PROBLEM: Word for word, repeat all the entries below, but without the pictures.
┌─ MATERIAL TO PROCESS
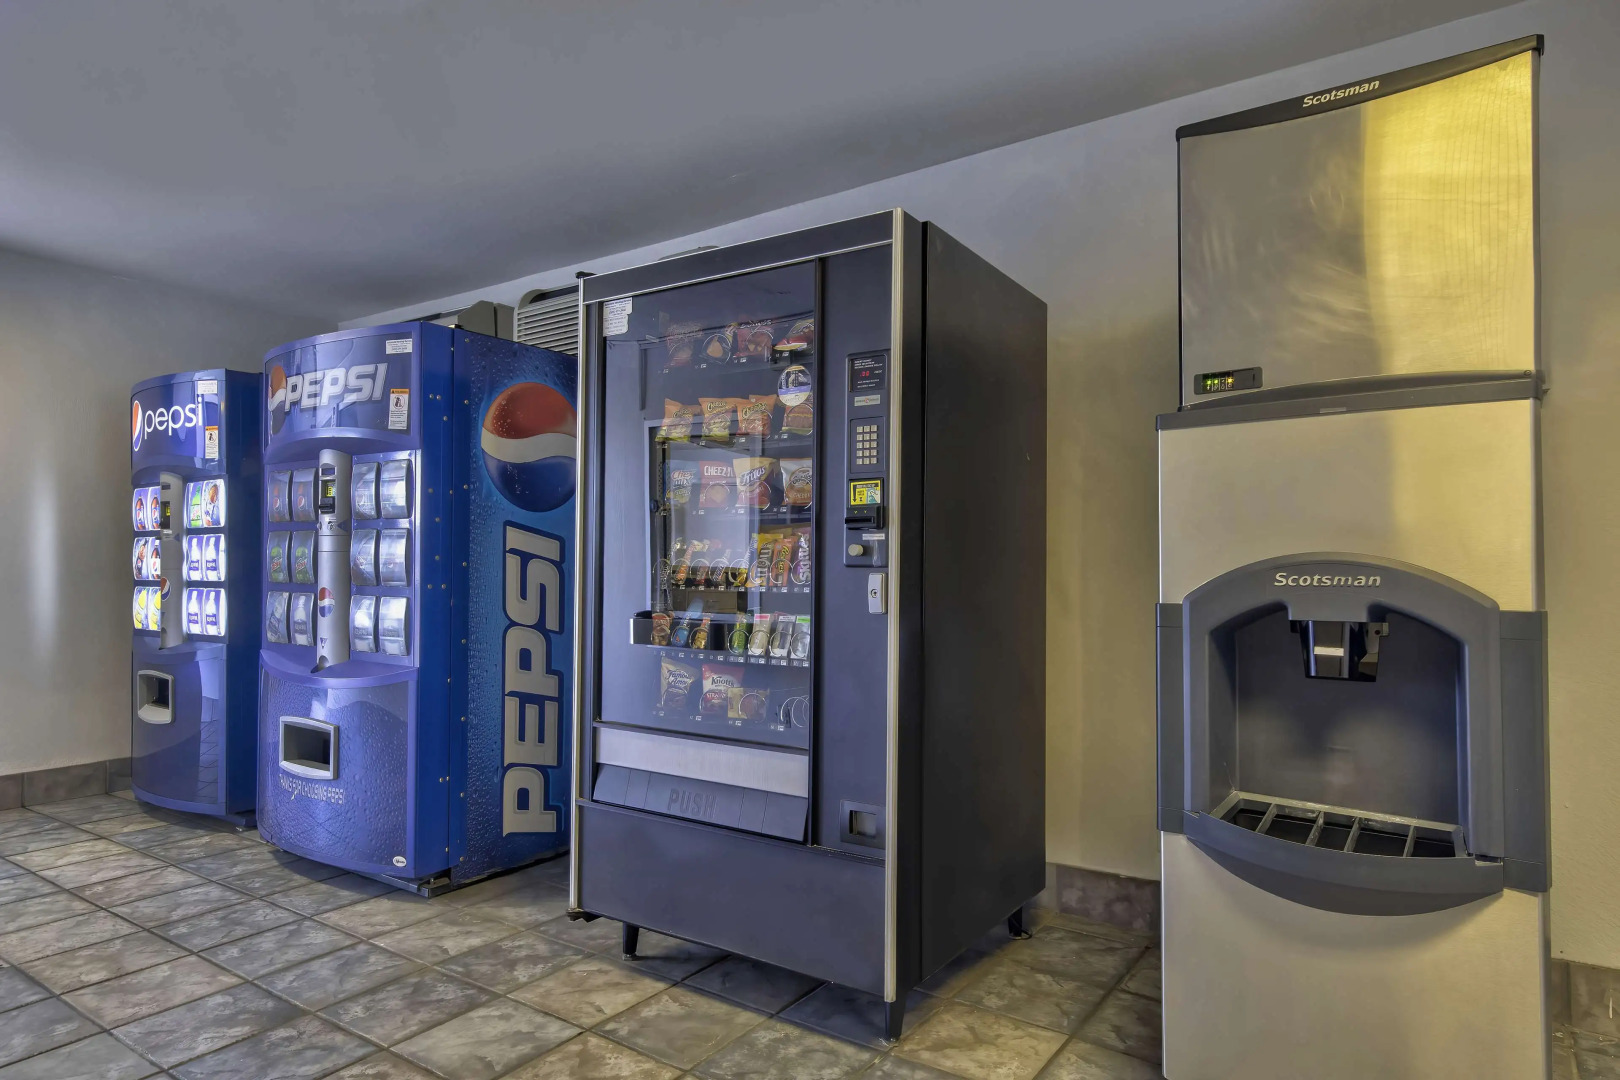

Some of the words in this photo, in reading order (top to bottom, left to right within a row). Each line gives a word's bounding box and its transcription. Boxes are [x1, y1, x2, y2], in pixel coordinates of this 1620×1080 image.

[1302, 80, 1380, 108] Scotsman
[284, 361, 389, 412] PEPSI
[144, 396, 204, 439] pepsi
[741, 466, 766, 486] Fritos
[1273, 572, 1382, 587] Scotsman
[503, 525, 561, 837] PEPSI
[667, 788, 718, 819] PUSH
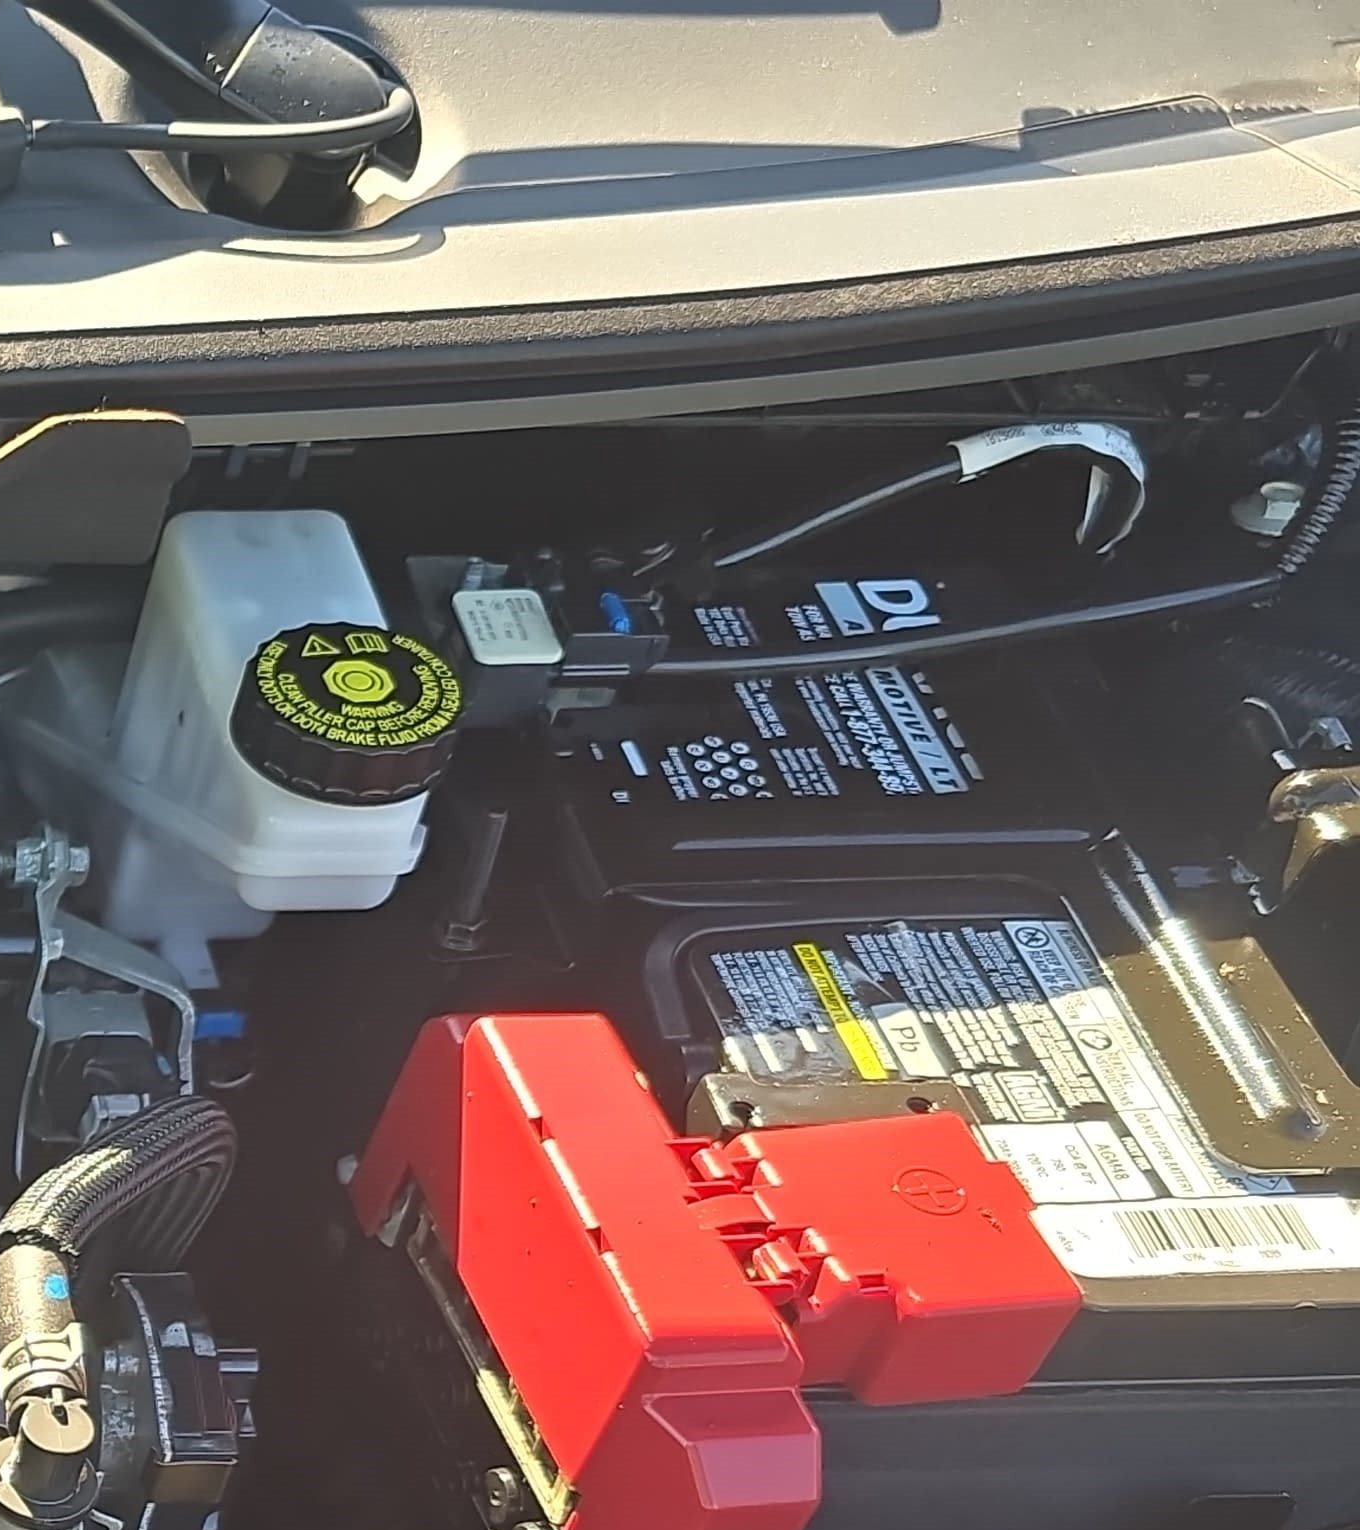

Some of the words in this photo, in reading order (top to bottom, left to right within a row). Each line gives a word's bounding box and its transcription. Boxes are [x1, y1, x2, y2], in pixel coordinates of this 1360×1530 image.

[391, 634, 453, 677] CONTAINER
[277, 673, 306, 704] CLEAN
[302, 701, 345, 726] FILLER
[345, 718, 376, 732] CAP
[378, 705, 429, 732] BEFORE
[440, 678, 460, 712] SEALED
[275, 702, 297, 718] OR
[340, 701, 404, 719] WARNING
[291, 712, 326, 736] DOT4
[413, 714, 449, 738] FROM
[327, 729, 378, 746] BRAKE
[379, 729, 419, 746] FLUID
[837, 709, 907, 795] 1-877-344-89
[797, 946, 814, 957] DO
[1040, 948, 1064, 966] KEEP
[803, 958, 825, 975] NOT
[1051, 966, 1073, 982] OUT
[812, 975, 845, 1011] ATTEMPT
[831, 1013, 850, 1023] TO
[888, 1026, 925, 1052] Pb
[1001, 1076, 1056, 1118] AGM
[1132, 1112, 1151, 1123] DO
[1140, 1124, 1161, 1138] NOT
[1150, 1140, 1176, 1160] OPEN
[1093, 1143, 1132, 1180] AGM48
[1164, 1162, 1195, 1193] BATTERY
└─
EXERCISE RESULT:
Some of the words in this photo, in reading order (top to bottom, left to right within a row). Each line gives a word's bounding box and its transcription. Boxes are [x1, y1, x2, y2], in pixel coordinates of this 1620×1080 image.

[1302, 80, 1380, 108] Scotsman
[284, 361, 389, 412] PEPSI
[144, 396, 204, 439] pepsi
[741, 466, 766, 486] Fritos
[1273, 572, 1382, 587] Scotsman
[503, 525, 561, 837] PEPSI
[667, 788, 718, 819] PUSH

Some of the words in this photo, in reading order (top to bottom, left to right within a row). Each line gives a word's bounding box and its transcription. Boxes are [x1, y1, x2, y2], in pixel coordinates of this 1360×1530 image.

[391, 634, 453, 677] CONTAINER
[277, 673, 306, 704] CLEAN
[302, 701, 345, 726] FILLER
[345, 718, 376, 732] CAP
[378, 705, 429, 732] BEFORE
[440, 678, 460, 712] SEALED
[275, 702, 297, 718] OR
[340, 701, 404, 719] WARNING
[291, 712, 326, 736] DOT4
[413, 714, 449, 738] FROM
[327, 729, 378, 746] BRAKE
[379, 729, 419, 746] FLUID
[837, 709, 907, 795] 1-877-344-89
[797, 946, 814, 957] DO
[1040, 948, 1064, 966] KEEP
[803, 958, 825, 975] NOT
[1051, 966, 1073, 982] OUT
[812, 975, 845, 1011] ATTEMPT
[831, 1013, 850, 1023] TO
[888, 1026, 925, 1052] Pb
[1001, 1076, 1056, 1118] AGM
[1132, 1112, 1151, 1123] DO
[1140, 1124, 1161, 1138] NOT
[1150, 1140, 1176, 1160] OPEN
[1093, 1143, 1132, 1180] AGM48
[1164, 1162, 1195, 1193] BATTERY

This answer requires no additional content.